Dem Senat steht folglich kein einziger Fall zur Verfügung, in dem er sagen könnte, welchen konkreten Vertrag die Beklagte mit welchem konkreten Gesundheitsnetzwerk abgeschlossen hat.

7. Es fehlt an einer ausreichenden Tatsachengrundlage um feststellen zu können, dass §§ 3, 4 Nr. 11 UWG i.V.m. § 34 MBO bzw. § 7 HWG in einem Fall konkret verletzt seien. Insbesondere läßt sich nicht feststellen, dass sich ein konkreter Arzt für die Verordnung eines S-Präparats Vorteile für sich oder einen Dritten habe versprechen lassen.

Dies wäre allenfalls denkbar gewesen bei Ausgestaltung eines Gesundheitsnetzes als BGB-Gesellschaft. Dann könnte unter Umständen davon gesprochen werden, dass mit einem Arzt eine derartige - unzulässige - Vereinbarung geschlossen worden wäre und dass ebenfalls einem konkreten Arzt die daraus resultierenden Vorteile direkt auf sein Kapitalkonto zugeflossen wären.

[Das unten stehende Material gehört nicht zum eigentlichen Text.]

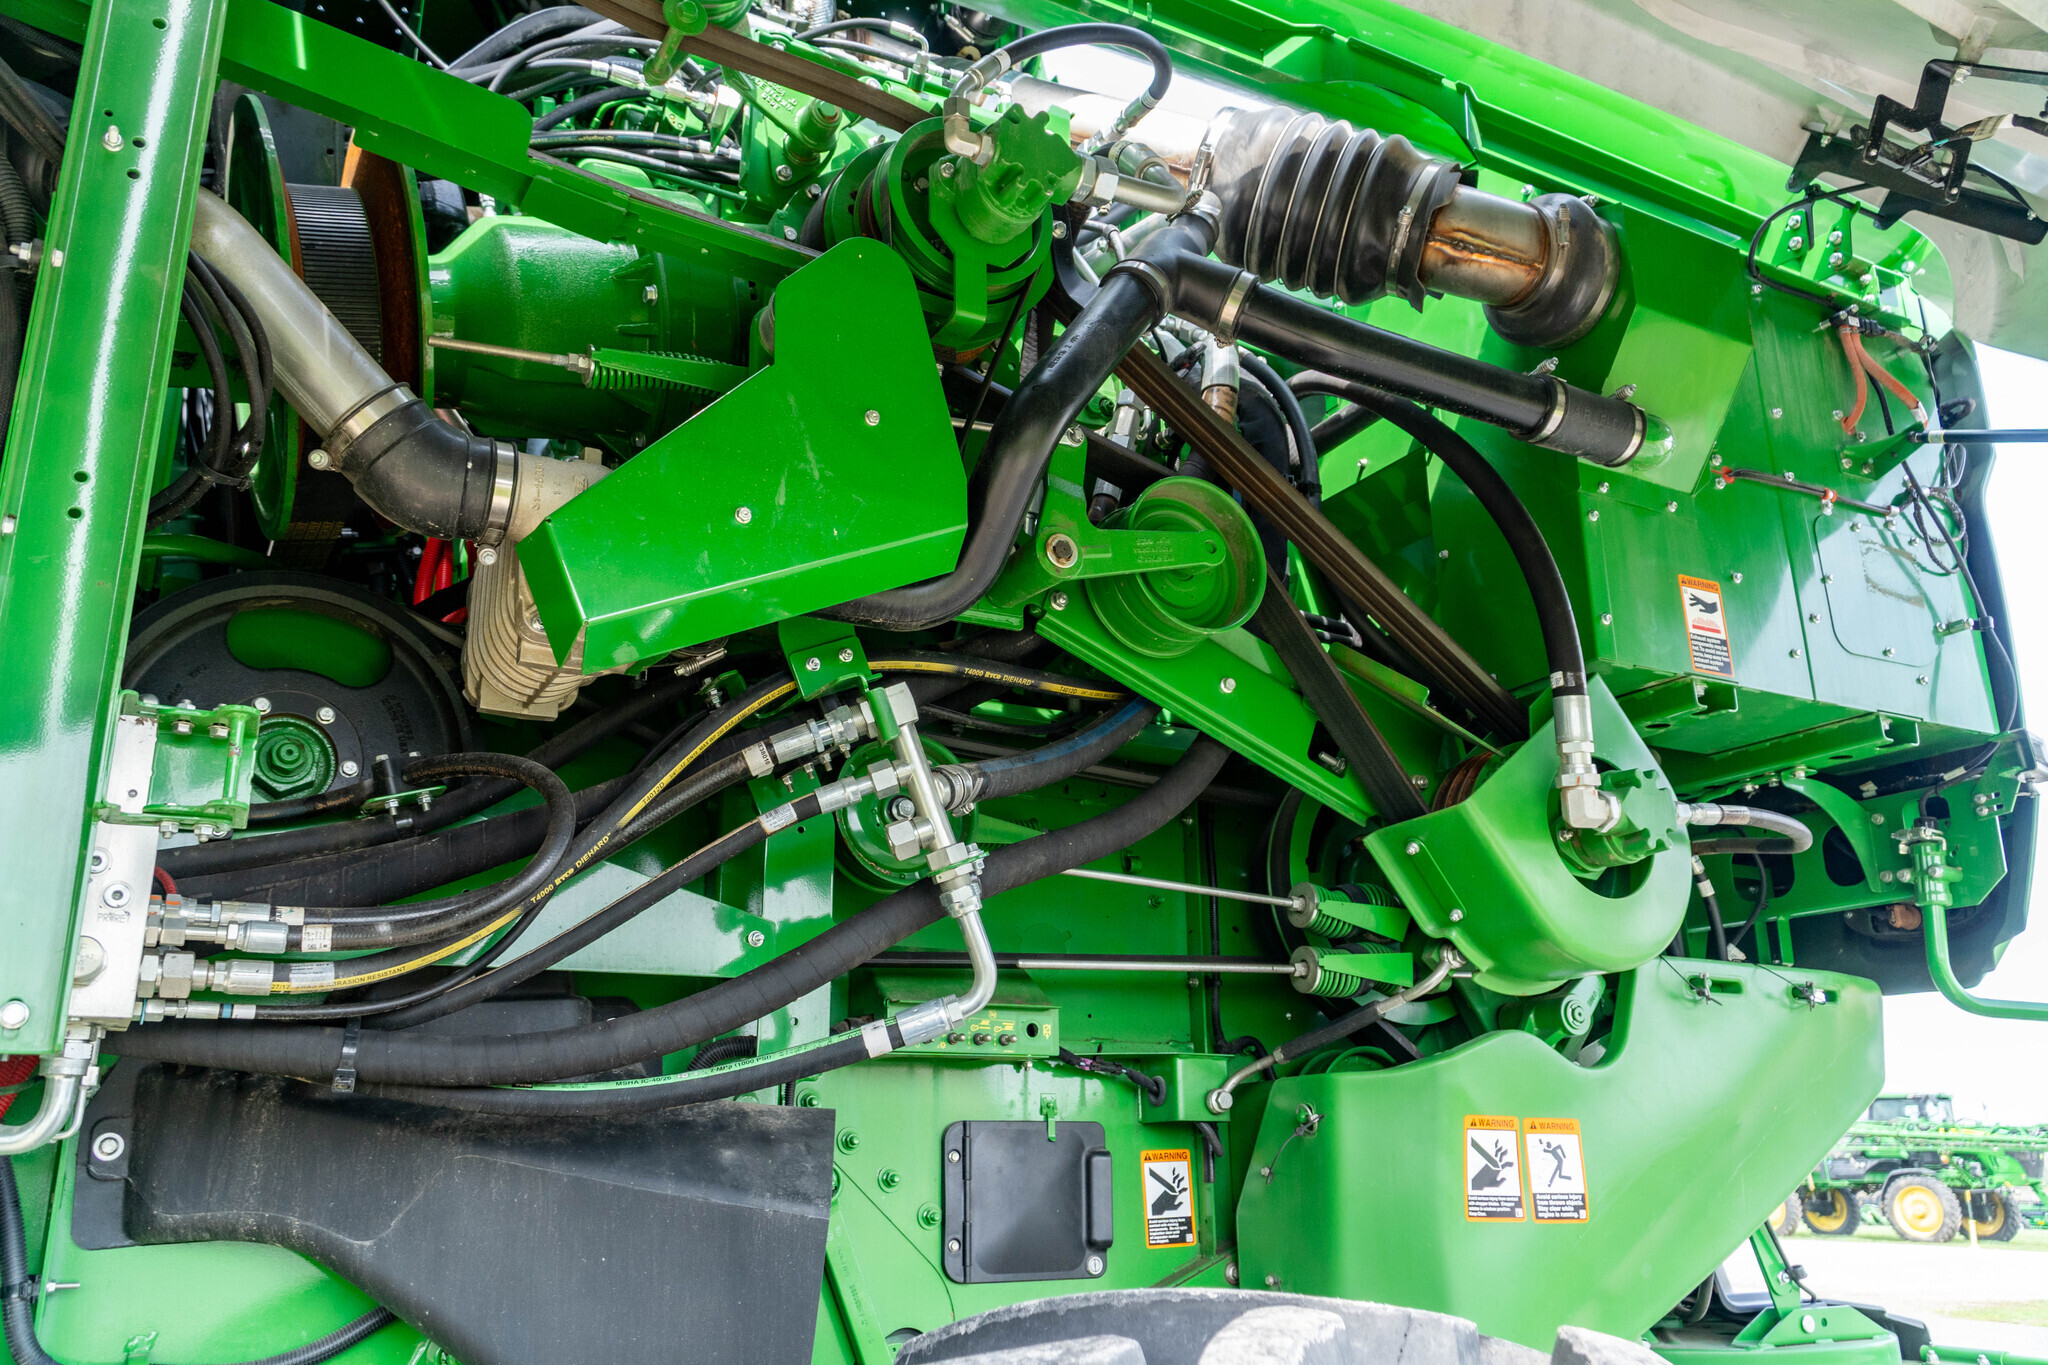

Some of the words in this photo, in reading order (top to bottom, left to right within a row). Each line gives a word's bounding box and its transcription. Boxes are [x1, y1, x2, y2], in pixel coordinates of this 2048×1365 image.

Schon bei Ausgestaltung eines Gesundheitsnetzes als juristische Person wird keine Vereinbarung mit einem konkreten Arzt geschlossen und eine evtl. Provision fließt auch nicht direkt dem - verordnenden oder nicht verordnenden - Arzt zu, sondern unmittelbar der entsprechenden juristischen Person. Dass diese derartige Gelder an verordnende Ärzte durchleitet, ist nicht ersichtlich.

8. Die herangezogenen Anspruchsgrundlagen reichen nicht aus, die Handlungsweise der Beklagten so - rudimentär - wie sie sich im vorliegenden Verfahren darstellt, ganz allgemein als wettbewerbswidrige Korrumpierung der Ärzteschaft zu untersagen.

9. Kosten: § 91 ZPO.

Eines Ausspruchs über die vorläufige Vollstreckbarkeit bedurfte es nicht, da das Verfahren hiermit rechtskräftig abgeschlossen ist.